**Work item**
Give back the full listing exactly as it appears below.

**Records for processing**

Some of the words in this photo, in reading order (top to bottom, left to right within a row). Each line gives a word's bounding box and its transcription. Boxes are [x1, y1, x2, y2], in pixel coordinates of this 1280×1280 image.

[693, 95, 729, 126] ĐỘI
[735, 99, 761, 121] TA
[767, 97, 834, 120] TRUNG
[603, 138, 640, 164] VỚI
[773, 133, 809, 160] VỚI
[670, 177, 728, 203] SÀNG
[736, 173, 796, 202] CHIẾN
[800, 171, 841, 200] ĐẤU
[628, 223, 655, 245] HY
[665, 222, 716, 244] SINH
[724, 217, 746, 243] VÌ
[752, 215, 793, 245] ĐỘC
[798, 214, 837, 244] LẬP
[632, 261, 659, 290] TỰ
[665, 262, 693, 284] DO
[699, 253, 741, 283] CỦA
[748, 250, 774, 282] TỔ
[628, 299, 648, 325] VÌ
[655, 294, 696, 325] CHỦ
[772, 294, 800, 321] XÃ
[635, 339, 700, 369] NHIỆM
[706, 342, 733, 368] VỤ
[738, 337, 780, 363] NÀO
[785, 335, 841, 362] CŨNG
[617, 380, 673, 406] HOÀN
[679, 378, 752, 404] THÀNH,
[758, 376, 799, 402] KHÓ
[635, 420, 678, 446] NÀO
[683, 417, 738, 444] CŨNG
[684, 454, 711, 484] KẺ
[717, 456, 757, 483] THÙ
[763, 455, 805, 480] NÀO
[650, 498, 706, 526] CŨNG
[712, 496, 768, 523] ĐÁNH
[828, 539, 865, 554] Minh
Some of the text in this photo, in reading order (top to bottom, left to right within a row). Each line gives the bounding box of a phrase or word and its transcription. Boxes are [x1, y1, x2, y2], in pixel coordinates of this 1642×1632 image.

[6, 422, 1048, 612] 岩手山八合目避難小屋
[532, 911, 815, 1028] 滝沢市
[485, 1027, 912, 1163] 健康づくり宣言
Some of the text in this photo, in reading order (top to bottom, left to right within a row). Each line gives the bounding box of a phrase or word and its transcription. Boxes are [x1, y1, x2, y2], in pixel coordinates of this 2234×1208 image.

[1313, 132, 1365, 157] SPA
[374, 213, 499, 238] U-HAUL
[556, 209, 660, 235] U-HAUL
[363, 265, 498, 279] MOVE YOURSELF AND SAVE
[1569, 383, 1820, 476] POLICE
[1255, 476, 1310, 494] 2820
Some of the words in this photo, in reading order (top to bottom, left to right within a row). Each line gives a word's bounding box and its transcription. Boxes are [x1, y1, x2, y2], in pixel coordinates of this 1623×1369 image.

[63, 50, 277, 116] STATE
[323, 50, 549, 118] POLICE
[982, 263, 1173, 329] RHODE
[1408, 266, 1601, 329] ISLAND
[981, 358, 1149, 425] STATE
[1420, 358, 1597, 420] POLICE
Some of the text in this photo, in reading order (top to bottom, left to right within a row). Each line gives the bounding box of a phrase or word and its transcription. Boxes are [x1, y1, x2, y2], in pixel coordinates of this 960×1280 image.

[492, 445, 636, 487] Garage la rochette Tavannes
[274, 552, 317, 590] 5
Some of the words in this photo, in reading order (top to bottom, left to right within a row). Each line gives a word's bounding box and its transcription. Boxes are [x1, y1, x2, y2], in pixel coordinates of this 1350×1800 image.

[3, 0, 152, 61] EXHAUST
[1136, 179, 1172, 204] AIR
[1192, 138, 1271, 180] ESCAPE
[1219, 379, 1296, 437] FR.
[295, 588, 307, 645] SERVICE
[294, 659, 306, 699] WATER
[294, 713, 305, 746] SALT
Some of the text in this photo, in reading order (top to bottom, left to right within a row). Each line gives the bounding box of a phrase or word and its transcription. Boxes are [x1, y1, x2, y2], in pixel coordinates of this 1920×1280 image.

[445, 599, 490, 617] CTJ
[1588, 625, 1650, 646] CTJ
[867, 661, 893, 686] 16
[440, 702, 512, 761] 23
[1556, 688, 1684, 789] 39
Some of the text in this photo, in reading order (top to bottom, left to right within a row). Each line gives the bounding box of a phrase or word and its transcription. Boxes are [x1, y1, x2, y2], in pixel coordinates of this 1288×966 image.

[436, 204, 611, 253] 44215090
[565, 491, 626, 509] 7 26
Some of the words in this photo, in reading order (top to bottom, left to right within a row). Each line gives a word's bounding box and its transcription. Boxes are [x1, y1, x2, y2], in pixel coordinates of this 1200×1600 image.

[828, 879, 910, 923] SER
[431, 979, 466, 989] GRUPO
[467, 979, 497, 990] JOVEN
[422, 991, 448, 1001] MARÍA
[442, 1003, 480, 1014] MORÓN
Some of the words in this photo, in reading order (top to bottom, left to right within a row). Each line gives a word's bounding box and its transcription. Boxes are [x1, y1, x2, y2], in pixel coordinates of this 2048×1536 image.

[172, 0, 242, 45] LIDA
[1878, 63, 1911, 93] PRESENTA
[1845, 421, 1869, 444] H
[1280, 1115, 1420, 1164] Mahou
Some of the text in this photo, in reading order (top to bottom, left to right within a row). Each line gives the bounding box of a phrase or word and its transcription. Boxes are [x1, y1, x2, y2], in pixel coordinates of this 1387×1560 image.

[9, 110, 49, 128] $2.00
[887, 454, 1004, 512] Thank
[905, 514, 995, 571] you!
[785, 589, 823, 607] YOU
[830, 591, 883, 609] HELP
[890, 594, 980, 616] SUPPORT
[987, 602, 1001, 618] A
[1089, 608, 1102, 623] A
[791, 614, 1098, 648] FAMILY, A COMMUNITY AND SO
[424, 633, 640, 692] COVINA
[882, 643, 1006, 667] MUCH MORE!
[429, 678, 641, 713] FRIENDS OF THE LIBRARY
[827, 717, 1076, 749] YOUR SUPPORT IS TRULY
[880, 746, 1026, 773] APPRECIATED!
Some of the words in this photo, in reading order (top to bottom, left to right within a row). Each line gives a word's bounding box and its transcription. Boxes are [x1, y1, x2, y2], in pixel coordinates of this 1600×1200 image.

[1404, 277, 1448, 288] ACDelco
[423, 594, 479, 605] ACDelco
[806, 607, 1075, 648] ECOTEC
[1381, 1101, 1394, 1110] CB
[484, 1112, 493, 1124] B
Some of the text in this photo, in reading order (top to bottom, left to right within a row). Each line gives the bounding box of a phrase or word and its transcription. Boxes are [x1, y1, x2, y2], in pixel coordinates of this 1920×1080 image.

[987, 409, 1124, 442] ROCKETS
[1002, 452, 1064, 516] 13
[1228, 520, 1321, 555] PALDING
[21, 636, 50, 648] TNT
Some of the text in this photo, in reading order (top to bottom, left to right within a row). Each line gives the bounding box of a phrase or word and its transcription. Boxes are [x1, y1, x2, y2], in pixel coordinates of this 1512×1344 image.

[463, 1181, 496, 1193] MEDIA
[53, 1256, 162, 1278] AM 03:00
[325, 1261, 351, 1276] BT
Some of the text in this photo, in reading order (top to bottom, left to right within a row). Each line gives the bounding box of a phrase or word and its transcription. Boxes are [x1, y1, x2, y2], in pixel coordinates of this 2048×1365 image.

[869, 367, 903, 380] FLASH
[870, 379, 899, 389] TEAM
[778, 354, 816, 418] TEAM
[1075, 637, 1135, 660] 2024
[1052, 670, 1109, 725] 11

**Task output**
Some of the words in this photo, in reading order (top to bottom, left to right within a row). Each line gives a word's bounding box and its transcription. Boxes are [x1, y1, x2, y2], in pixel coordinates of this 1280×1280 image.

[693, 95, 729, 126] ĐỘI
[735, 99, 761, 121] TA
[767, 97, 834, 120] TRUNG
[603, 138, 640, 164] VỚI
[773, 133, 809, 160] VỚI
[670, 177, 728, 203] SÀNG
[736, 173, 796, 202] CHIẾN
[800, 171, 841, 200] ĐẤU
[628, 223, 655, 245] HY
[665, 222, 716, 244] SINH
[724, 217, 746, 243] VÌ
[752, 215, 793, 245] ĐỘC
[798, 214, 837, 244] LẬP
[632, 261, 659, 290] TỰ
[665, 262, 693, 284] DO
[699, 253, 741, 283] CỦA
[748, 250, 774, 282] TỔ
[628, 299, 648, 325] VÌ
[655, 294, 696, 325] CHỦ
[772, 294, 800, 321] XÃ
[635, 339, 700, 369] NHIỆM
[706, 342, 733, 368] VỤ
[738, 337, 780, 363] NÀO
[785, 335, 841, 362] CŨNG
[617, 380, 673, 406] HOÀN
[679, 378, 752, 404] THÀNH,
[758, 376, 799, 402] KHÓ
[635, 420, 678, 446] NÀO
[683, 417, 738, 444] CŨNG
[684, 454, 711, 484] KẺ
[717, 456, 757, 483] THÙ
[763, 455, 805, 480] NÀO
[650, 498, 706, 526] CŨNG
[712, 496, 768, 523] ĐÁNH
[828, 539, 865, 554] Minh
Some of the text in this photo, in reading order (top to bottom, left to right within a row). Each line gives the bounding box of a phrase or word and its transcription. Boxes are [x1, y1, x2, y2], in pixel coordinates of this 1642×1632 image.

[6, 422, 1048, 612] 岩手山八合目避難小屋
[532, 911, 815, 1028] 滝沢市
[485, 1027, 912, 1163] 健康づくり宣言
Some of the text in this photo, in reading order (top to bottom, left to right within a row). Each line gives the bounding box of a phrase or word and its transcription. Boxes are [x1, y1, x2, y2], in pixel coordinates of this 2234×1208 image.

[1313, 132, 1365, 157] SPA
[374, 213, 499, 238] U-HAUL
[556, 209, 660, 235] U-HAUL
[363, 265, 498, 279] MOVE YOURSELF AND SAVE
[1569, 383, 1820, 476] POLICE
[1255, 476, 1310, 494] 2820
Some of the words in this photo, in reading order (top to bottom, left to right within a row). Each line gives a word's bounding box and its transcription. Boxes are [x1, y1, x2, y2], in pixel coordinates of this 1623×1369 image.

[63, 50, 277, 116] STATE
[323, 50, 549, 118] POLICE
[982, 263, 1173, 329] RHODE
[1408, 266, 1601, 329] ISLAND
[981, 358, 1149, 425] STATE
[1420, 358, 1597, 420] POLICE
Some of the text in this photo, in reading order (top to bottom, left to right within a row). Each line gives the bounding box of a phrase or word and its transcription. Boxes are [x1, y1, x2, y2], in pixel coordinates of this 960×1280 image.

[492, 445, 636, 487] Garage la rochette Tavannes
[274, 552, 317, 590] 5
Some of the words in this photo, in reading order (top to bottom, left to right within a row). Each line gives a word's bounding box and its transcription. Boxes are [x1, y1, x2, y2], in pixel coordinates of this 1350×1800 image.

[3, 0, 152, 61] EXHAUST
[1136, 179, 1172, 204] AIR
[1192, 138, 1271, 180] ESCAPE
[1219, 379, 1296, 437] FR.
[295, 588, 307, 645] SERVICE
[294, 659, 306, 699] WATER
[294, 713, 305, 746] SALT
Some of the text in this photo, in reading order (top to bottom, left to right within a row). Each line gives the bounding box of a phrase or word and its transcription. Boxes are [x1, y1, x2, y2], in pixel coordinates of this 1920×1280 image.

[445, 599, 490, 617] CTJ
[1588, 625, 1650, 646] CTJ
[867, 661, 893, 686] 16
[440, 702, 512, 761] 23
[1556, 688, 1684, 789] 39
Some of the text in this photo, in reading order (top to bottom, left to right within a row). Each line gives the bounding box of a phrase or word and its transcription. Boxes are [x1, y1, x2, y2], in pixel coordinates of this 1288×966 image.

[436, 204, 611, 253] 44215090
[565, 491, 626, 509] 7 26
Some of the words in this photo, in reading order (top to bottom, left to right within a row). Each line gives a word's bounding box and its transcription. Boxes are [x1, y1, x2, y2], in pixel coordinates of this 1200×1600 image.

[828, 879, 910, 923] SER
[431, 979, 466, 989] GRUPO
[467, 979, 497, 990] JOVEN
[422, 991, 448, 1001] MARÍA
[442, 1003, 480, 1014] MORÓN
Some of the words in this photo, in reading order (top to bottom, left to right within a row). Each line gives a word's bounding box and its transcription. Boxes are [x1, y1, x2, y2], in pixel coordinates of this 2048×1536 image.

[172, 0, 242, 45] LIDA
[1878, 63, 1911, 93] PRESENTA
[1845, 421, 1869, 444] H
[1280, 1115, 1420, 1164] Mahou
Some of the text in this photo, in reading order (top to bottom, left to right within a row). Each line gives the bounding box of a phrase or word and its transcription. Boxes are [x1, y1, x2, y2], in pixel coordinates of this 1387×1560 image.

[9, 110, 49, 128] $2.00
[887, 454, 1004, 512] Thank
[905, 514, 995, 571] you!
[785, 589, 823, 607] YOU
[830, 591, 883, 609] HELP
[890, 594, 980, 616] SUPPORT
[987, 602, 1001, 618] A
[1089, 608, 1102, 623] A
[791, 614, 1098, 648] FAMILY, A COMMUNITY AND SO
[424, 633, 640, 692] COVINA
[882, 643, 1006, 667] MUCH MORE!
[429, 678, 641, 713] FRIENDS OF THE LIBRARY
[827, 717, 1076, 749] YOUR SUPPORT IS TRULY
[880, 746, 1026, 773] APPRECIATED!
Some of the words in this photo, in reading order (top to bottom, left to right within a row). Each line gives a word's bounding box and its transcription. Boxes are [x1, y1, x2, y2], in pixel coordinates of this 1600×1200 image.

[1404, 277, 1448, 288] ACDelco
[423, 594, 479, 605] ACDelco
[806, 607, 1075, 648] ECOTEC
[1381, 1101, 1394, 1110] CB
[484, 1112, 493, 1124] B
Some of the text in this photo, in reading order (top to bottom, left to right within a row). Each line gives the bounding box of a phrase or word and its transcription. Boxes are [x1, y1, x2, y2], in pixel coordinates of this 1920×1080 image.

[987, 409, 1124, 442] ROCKETS
[1002, 452, 1064, 516] 13
[1228, 520, 1321, 555] PALDING
[21, 636, 50, 648] TNT
Some of the text in this photo, in reading order (top to bottom, left to right within a row). Each line gives the bounding box of a phrase or word and its transcription. Boxes are [x1, y1, x2, y2], in pixel coordinates of this 1512×1344 image.

[463, 1181, 496, 1193] MEDIA
[53, 1256, 162, 1278] AM 03:00
[325, 1261, 351, 1276] BT
Some of the text in this photo, in reading order (top to bottom, left to right within a row). Each line gives the bounding box of a phrase or word and its transcription. Boxes are [x1, y1, x2, y2], in pixel coordinates of this 2048×1365 image.

[869, 367, 903, 380] FLASH
[870, 379, 899, 389] TEAM
[778, 354, 816, 418] TEAM
[1075, 637, 1135, 660] 2024
[1052, 670, 1109, 725] 11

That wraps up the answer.